The most common symptom of RCVS is a sudden, intense headache, often referred to as a "thunder clap" headache. Other symptoms may include:
- Changes in vision
- Difficulty understanding others when they are speaking
- Difficulty speaking
- Weakness on one side of the body
RCVS patients are at risk of experiencing a stroke or transient ischemic attack (TIA). Signs of a stroke include:
- Sudden numbness or weakness of the face, arm or leg, especially on one side of the body
- Sudden confusion
- Sudden trouble speaking
- Sudden trouble seeing in one or both eyes
- Sudden trouble walking
- Sudden dizziness, loss of balance or coordination
- Sudden, severe headache with no known cause
The effects of an acute ischemic stroke may cause additional symptoms in women including:
- Face, arm or leg pain
- Hiccups or nausea
- Chest pain or palpitations
- Shortness of breath
If you notice one or more of these signs of stroke in another person or in yourself, do not wait to seek help. Call 9-1-1 immediately.
Causes and Risk Factors
The cause of RCVS is unknown. The condition is more commonly diagnosed in women between the ages of 20 to 50, and may be associated with the changes that happen in the body immediately after giving birth (postpartum) or changing birth control pills. A history of migraine is nearly always found in patients with RCVS.

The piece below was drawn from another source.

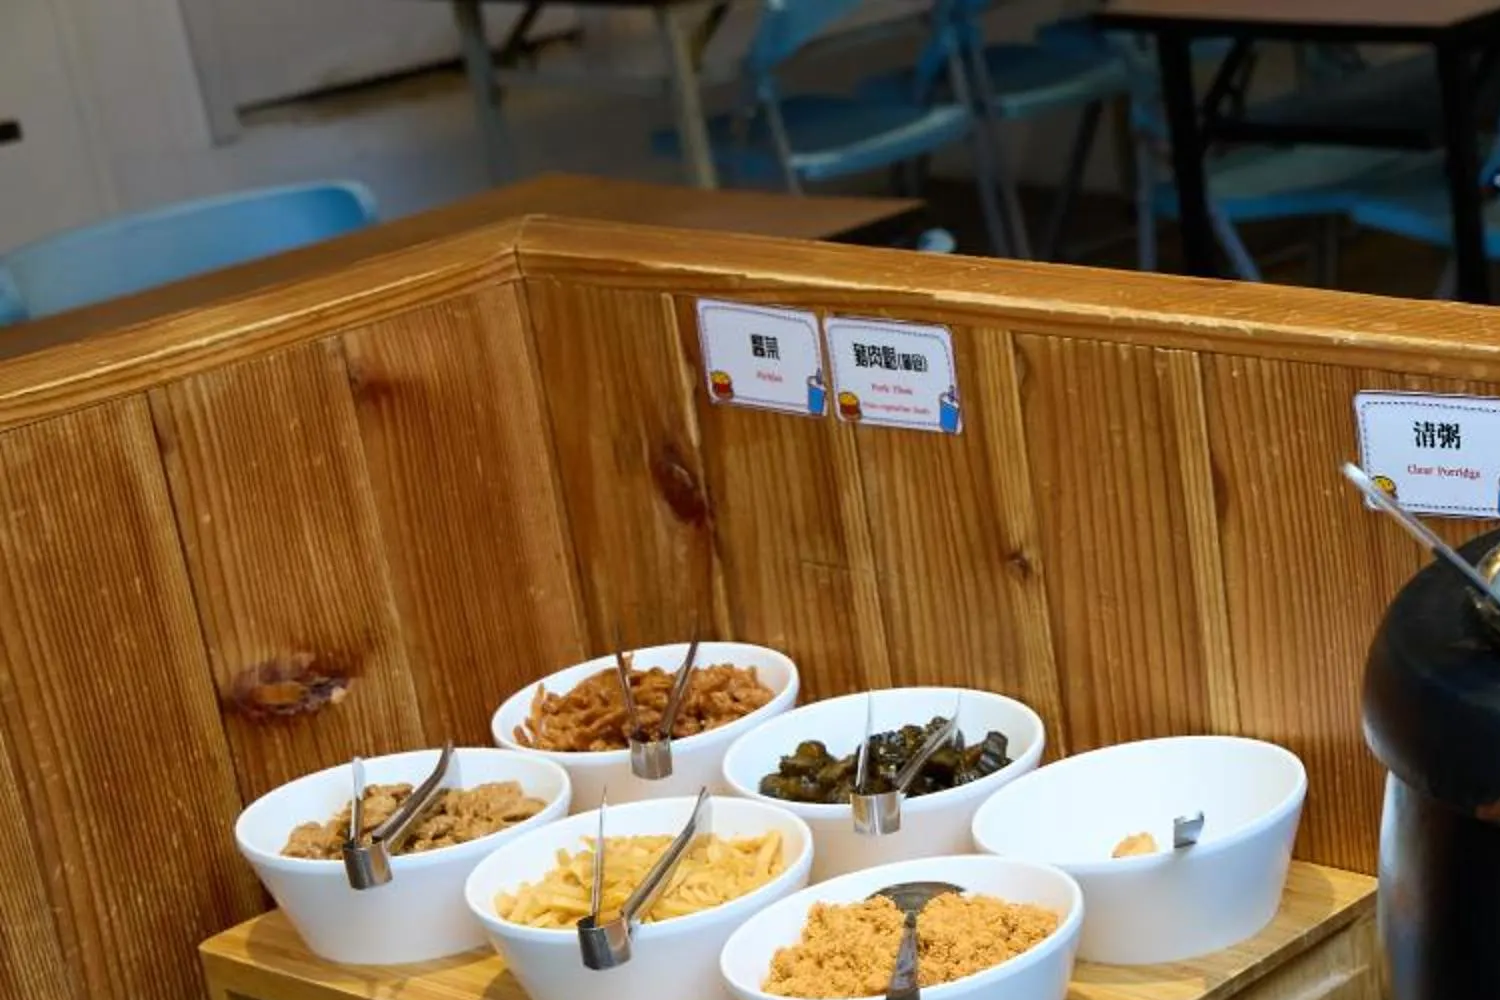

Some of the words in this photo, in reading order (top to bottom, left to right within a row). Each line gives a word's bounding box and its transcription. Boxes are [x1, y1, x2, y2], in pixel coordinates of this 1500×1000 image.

[1413, 420, 1462, 450] 清粥
[1407, 463, 1433, 476] Clear
[1437, 464, 1481, 481] Porridge

Other risk factors associated with RCVS include:
- Use of drugs
- Use of alcohol, especially binge drinking
- Use of certain prescription medications, such as anti-depressants
- Use of nasal decongestants
- Use of nicotine patches
- Certain tumors
- Elevated calcium levels in the blood (hypercalcemia)
- Head trauma
Diagnosis of RCVS usually begins with a physical exam and a review of the patient’s medical history and symptoms, as well as the findings of diagnostic tests. Given the association with migraine, however, not all patients with suspected RCVS will require advanced imaging tests.
Imaging tests, such as magnetic resonance imaging (MRI) and computed tomography (CT), are used to see the area affected by constricted blood vessels. These imaging tests look at the soft tissue and blood vessels within the body and can determine if the condition is associated with a stroke or other underlying issues.

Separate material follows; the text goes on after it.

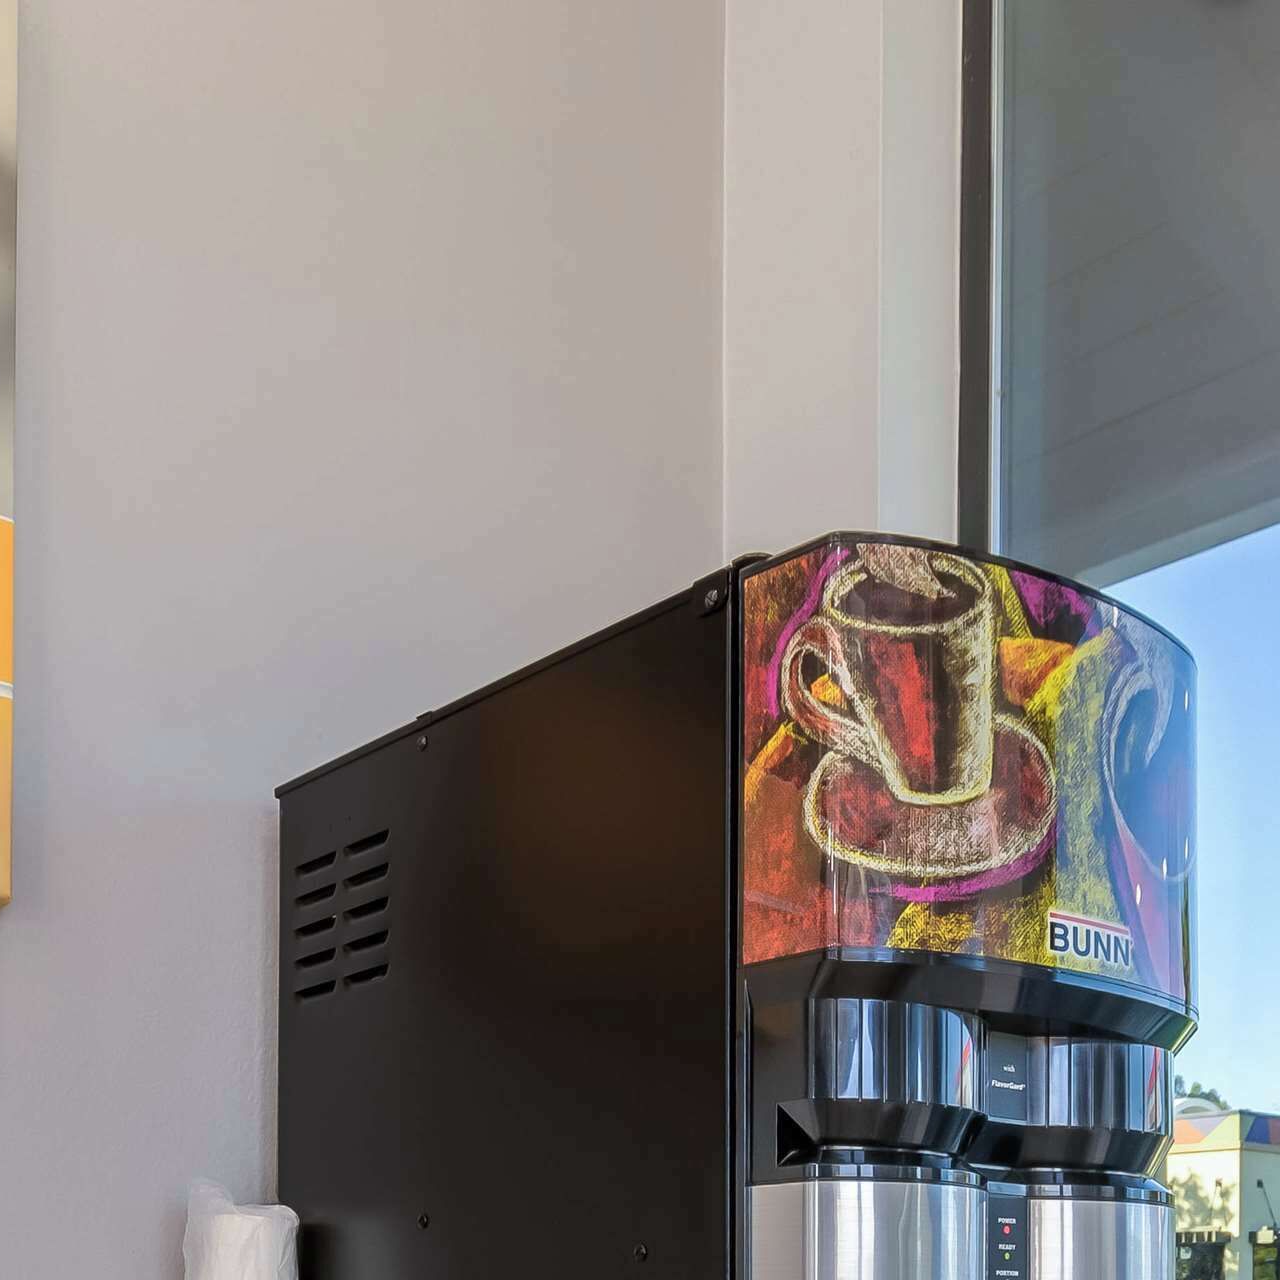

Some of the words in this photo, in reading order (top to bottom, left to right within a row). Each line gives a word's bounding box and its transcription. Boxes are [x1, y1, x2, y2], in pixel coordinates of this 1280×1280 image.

Other tests look exclusively at the blood vessels within the body. An angiogram may also be used to view the arteries. A transcranial Doppler ultrasound is used to measure the blood that is flowing through the arteries at the base of the brain.
Blood and urine tests may also be used to examine how well the liver and kidneys are functioning.
Treatment of RCVS depends on the severity of the condition. In some cases, the condition clears up without treatment. Due to the risk of stroke, however, it is important that patients seek and get immediate medical care. Fluids will be administered intravenously and migraine treatments such as aspirin or Depakote may be given.
In some cases, a calcium channel blocker may be used to relax the blood vessels and allow more blood to flow through. This medication has been shown to help ease the "thunder clap" headaches, but does not decrease the risk of stroke.
For patients who have experienced a stroke, the Stroke Program at Cedars-Sinai provides a multidisciplinary treatment approach through treatment plans tailored to each patient. Patient care is generally broken down into three categories: stroke prevention, treatment immediately after a stroke, and post-stroke rehabilitation.